> **What to work on**
Beginning with the line where "Some of the text" occurs, transcribe every line exactly through the last line of the listing below, and no others.

> **Data extracts**
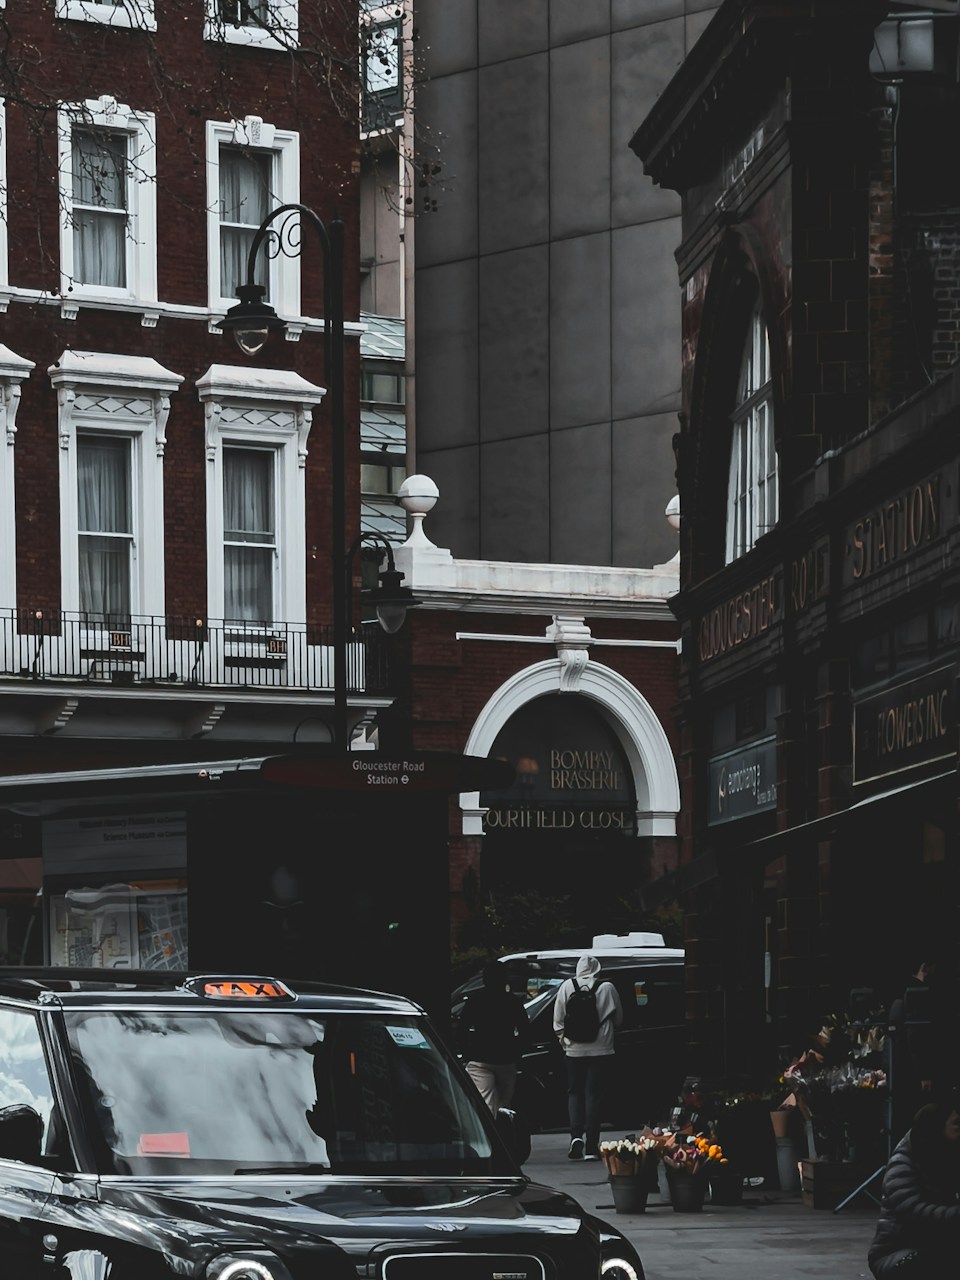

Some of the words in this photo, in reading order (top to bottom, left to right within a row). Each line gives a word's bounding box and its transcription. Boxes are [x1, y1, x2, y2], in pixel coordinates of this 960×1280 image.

[697, 576, 776, 662] GLOUCESTER
[852, 477, 940, 579] STATION
[113, 633, 129, 646] BH
[269, 640, 285, 653] BH
[877, 697, 924, 757] FLOWERS
[926, 689, 948, 741] INC
[352, 759, 401, 772] Gloucester
[402, 761, 425, 772] Road
[551, 749, 615, 770] BOMBAY
[367, 774, 398, 785] Station
[551, 769, 624, 790] BRASSERIE
[483, 808, 575, 829] OURTFIELD
[210, 983, 281, 997] TAXI
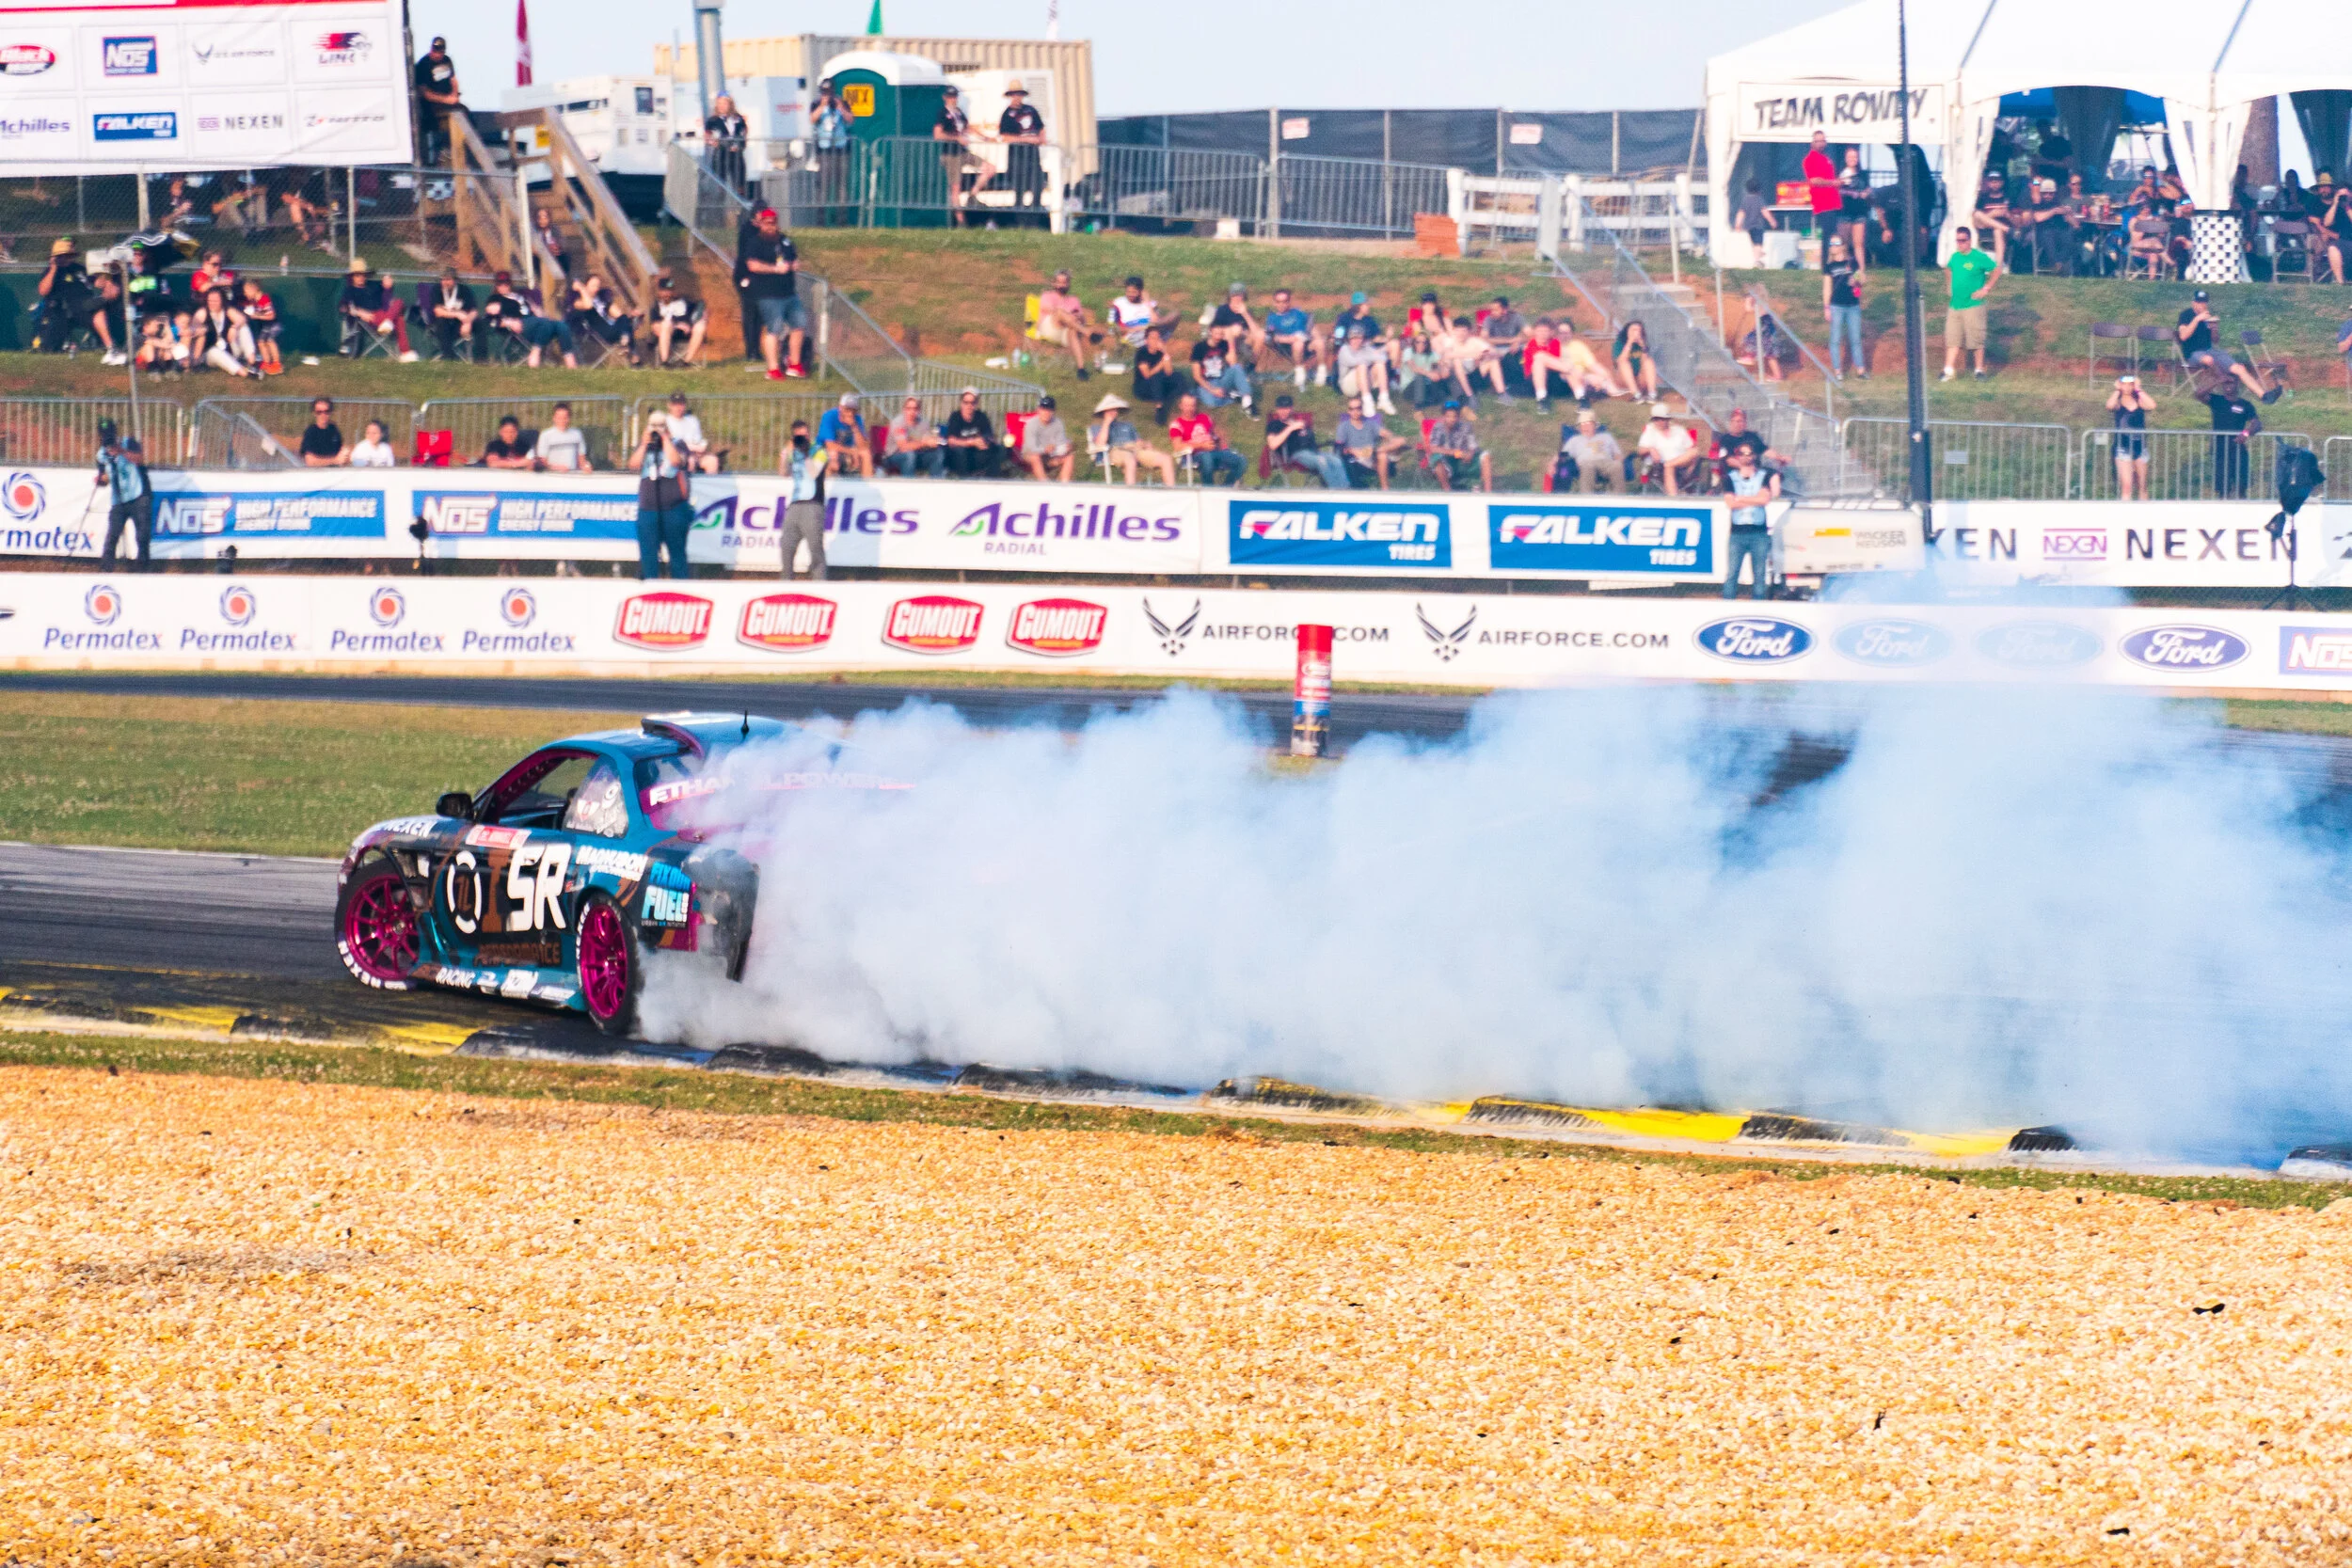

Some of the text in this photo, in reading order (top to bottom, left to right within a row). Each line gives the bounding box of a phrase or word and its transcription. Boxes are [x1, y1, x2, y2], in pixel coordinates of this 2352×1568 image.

[225, 116, 283, 130] NEXEN
[1755, 97, 1824, 130] TEAM
[156, 496, 232, 534] NOS
[272, 498, 377, 517] PERFORMANCE
[423, 494, 498, 533] NOS
[948, 502, 1182, 542] Achilles
[1239, 511, 1439, 542] FALKEN
[1499, 515, 1701, 546] FALKEN
[2043, 535, 2106, 554] NEXEN
[2126, 529, 2296, 561] NEXEN
[984, 542, 1047, 556] RADIAL
[1389, 544, 1436, 561] TIRES
[1649, 549, 1696, 565] TIRES
[624, 598, 709, 635] GUMOUT
[745, 600, 834, 637] GUMOUT
[891, 601, 980, 639] GUMOUT
[1015, 604, 1104, 641] GUMOUT
[43, 627, 163, 650] Permatex
[180, 628, 296, 651] Permatex
[330, 630, 445, 653] Permatex
[463, 630, 577, 653] Permatex
[1478, 630, 1669, 649] AIRFORCE.COM
[1716, 620, 1794, 657] Ford
[1854, 625, 1930, 657] Ford
[2144, 628, 2227, 664] Ford

> **Solved problem**
Some of the text in this photo, in reading order (top to bottom, left to right within a row). Each line gives the bounding box of a phrase or word and its transcription. Boxes are [x1, y1, x2, y2], in pixel coordinates of this 2352×1568 image.

[225, 116, 283, 130] NEXEN
[1755, 97, 1824, 130] TEAM
[156, 496, 232, 534] NOS
[272, 498, 377, 517] PERFORMANCE
[423, 494, 498, 533] NOS
[948, 502, 1182, 542] Achilles
[1239, 511, 1439, 542] FALKEN
[1499, 515, 1701, 546] FALKEN
[2043, 535, 2106, 554] NEXEN
[2126, 529, 2296, 561] NEXEN
[984, 542, 1047, 556] RADIAL
[1389, 544, 1436, 561] TIRES
[1649, 549, 1696, 565] TIRES
[624, 598, 709, 635] GUMOUT
[745, 600, 834, 637] GUMOUT
[891, 601, 980, 639] GUMOUT
[1015, 604, 1104, 641] GUMOUT
[43, 627, 163, 650] Permatex
[180, 628, 296, 651] Permatex
[330, 630, 445, 653] Permatex
[463, 630, 577, 653] Permatex
[1478, 630, 1669, 649] AIRFORCE.COM
[1716, 620, 1794, 657] Ford
[1854, 625, 1930, 657] Ford
[2144, 628, 2227, 664] Ford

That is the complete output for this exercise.